I was curious, what is academia's perspective on the following type of student, assuming that the student is well qualified via research experience, letters of recommendation, grades, GRE, passion, and other things CV related:
The student is very, very good at asking innovative questions and proposing difficult questions that others have not thought about, that is they can see the current landscape of their field and understand it really well. However, innately, they are not a good problem SOLVER. They can pretty much do a minute portion of problem solving in research, but it's something akin to hinting (ambiguous solutions that need a third party to think hard about implementation). They can solve solve problems as per their curricula (and thus get a high GPA), but not unsolved problems in academia. Moreover, it helps that they are a brilliant communicator and writer.
The reason why I ask is because I have a friend who fits the description above. That friend is heavily, heavily revered by his PI who absolutely loves him. One of the primary reasons is because my friend's questions have been the basis for many grants (which he also writes with the consultation of my professor), resulting in a large influx of funding for my professor. The professor, as a thinker, would be qualitatively put as "above average", and is a hybrid between a thinker and a doer.
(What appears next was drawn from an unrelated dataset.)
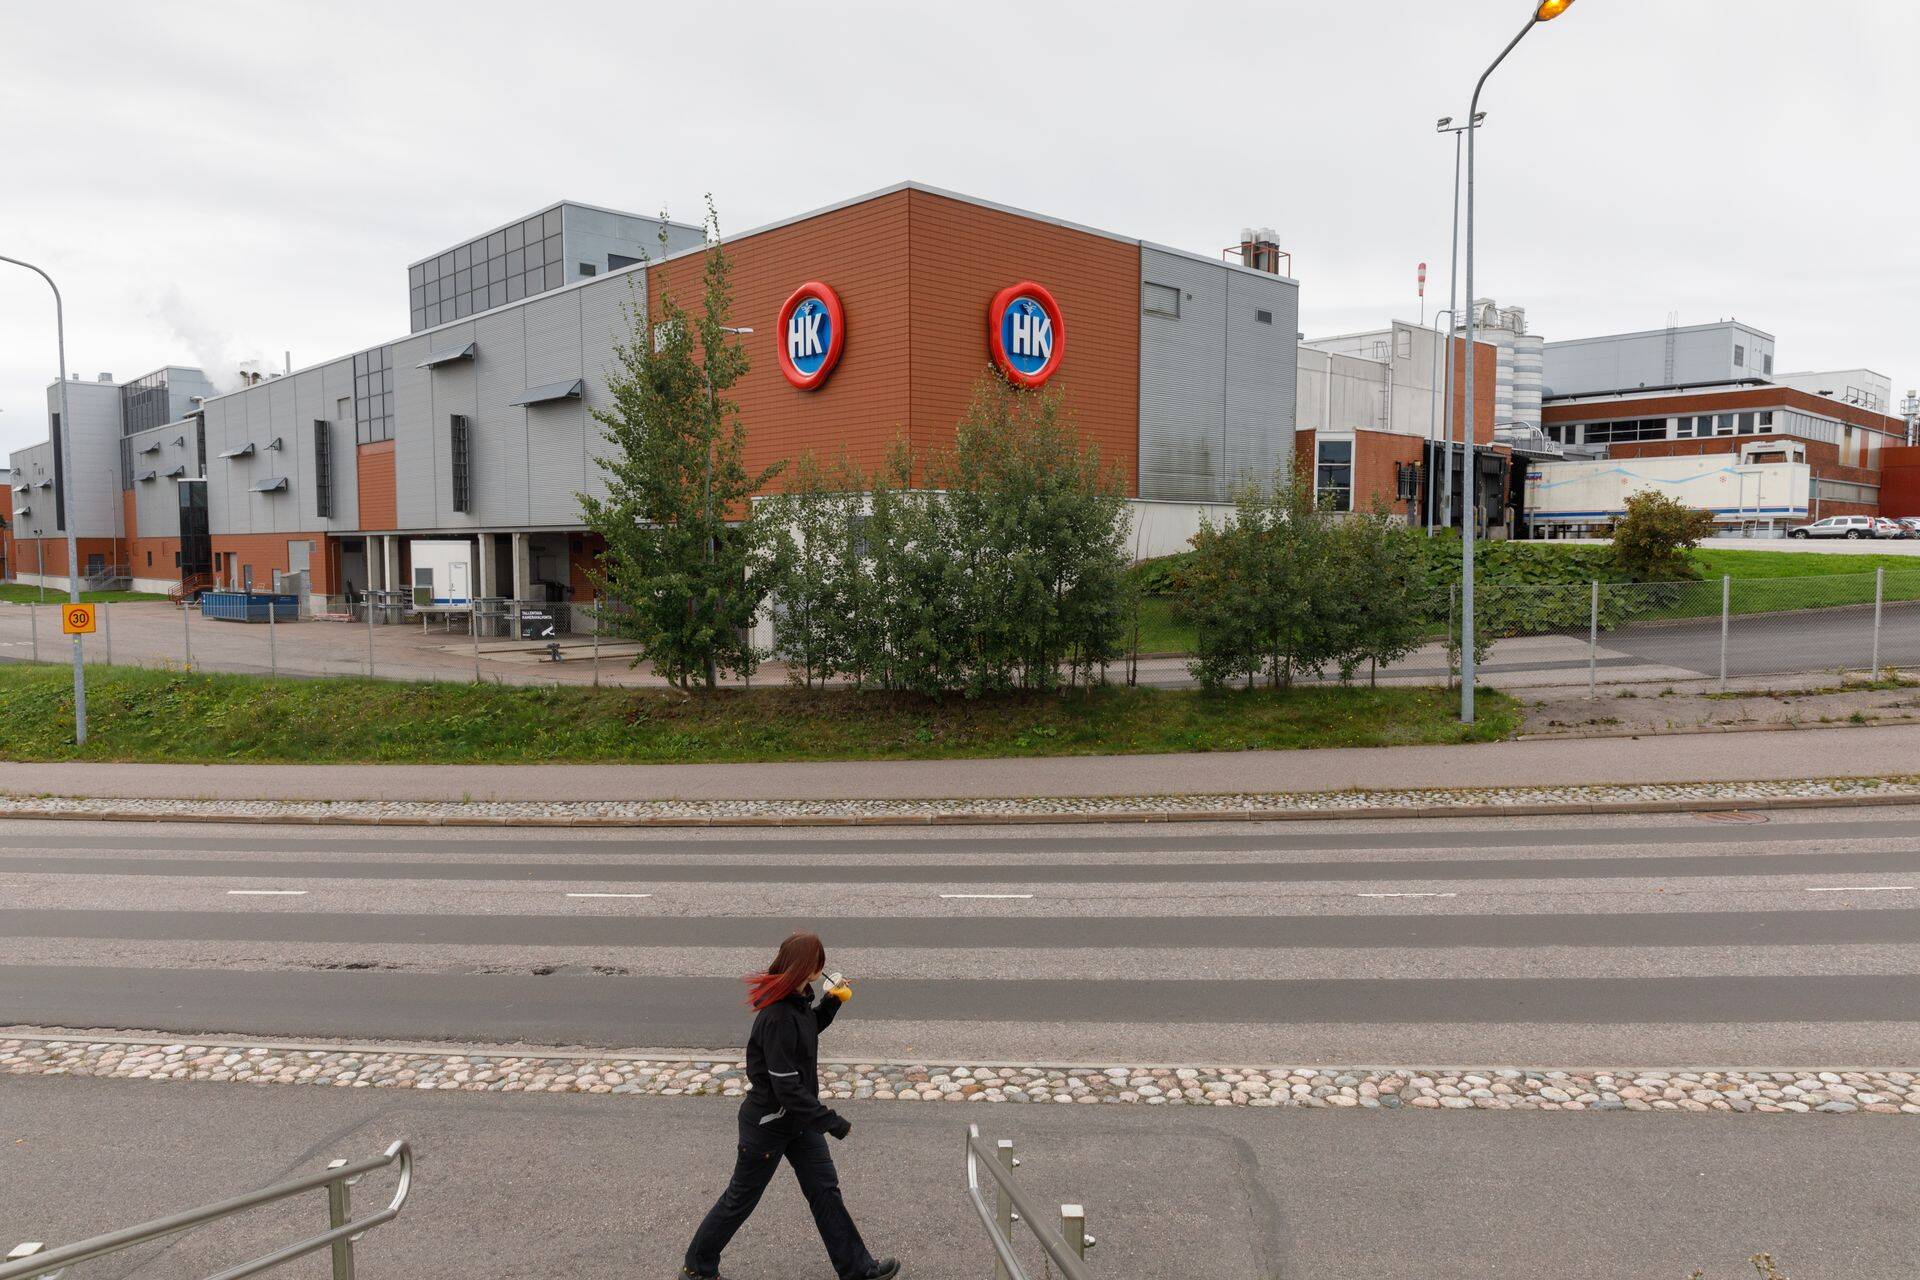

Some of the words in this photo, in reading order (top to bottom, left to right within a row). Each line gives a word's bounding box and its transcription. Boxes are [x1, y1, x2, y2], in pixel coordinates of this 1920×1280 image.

[788, 313, 822, 359] HK
[1013, 312, 1051, 358] HK
[73, 613, 86, 623] 30
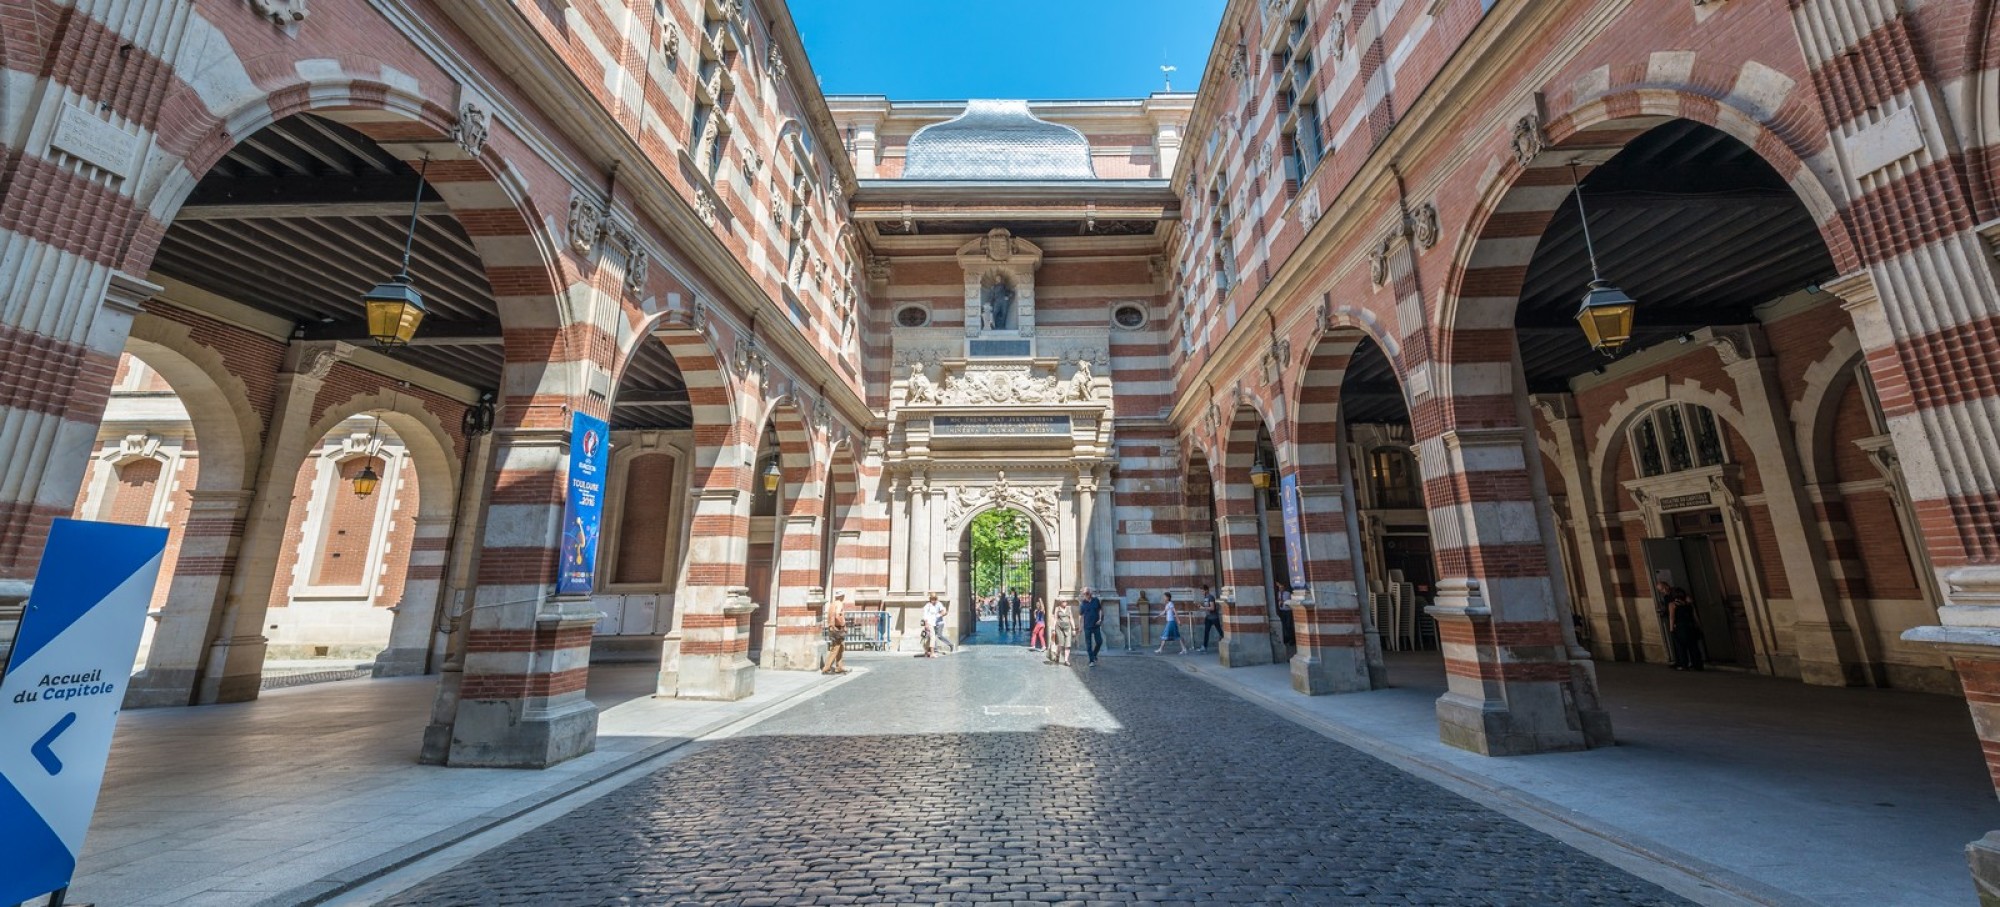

Everyone else in the lab is a lab technician, and there are a couple of postdocs. What's interesting is that the lab has really good chemistry. My friend comes up with an idea, runs it by the PI. The PI, who has insight checks it off or guns the idea down depending on the context. The PI also proposes solutions. Next, the technicians and postdocs who are highly skilled in procedure and are the tangible hands that make the results happen in real life as per the instructions of the PI. The PI admits that they don't have the innate vision to ask these questions, but given the questions can crank out a solution with the lab technicians. It's a little scary to think that for the past 2 years, an undergraduate has been the mind behind pretty much all of the sub-experiments and directions of my institution's top labs by funding and results. The PI has received tenure as a result. What's interesting is, by speculation, no one can survive without the other. Well, the PI could technically survive, but would be reduced to doing his previous projects. However, without an army of skilled labor and a PI as an intermediary, my friend cannot get anything done. My friend wants to move to a different institution for pedigree as he receives an advanced degree. My friend is an abysmal doer, and cannot learn at an appreciable rate.
By abysmal doer, I mean (by his own admission), sometimes clumsy with the hands, sometimes randomly lacks motivation, and when focused, is "slow" in picking up a step by step procedure. For example, we took an upper level chemistry course together for a science elective. He can easily explain PCR on paper and orally, with much deeper insight and implications than a textbook, so you know he's not memorizing. But come in the lab, he looks totally clueless and out of place, looks at the reagents like they're foreign substances.
Outside of being a theoretician (for example a theoretical physicist, something my friend ironically does not want to pursue), can my friend survive in graduate school?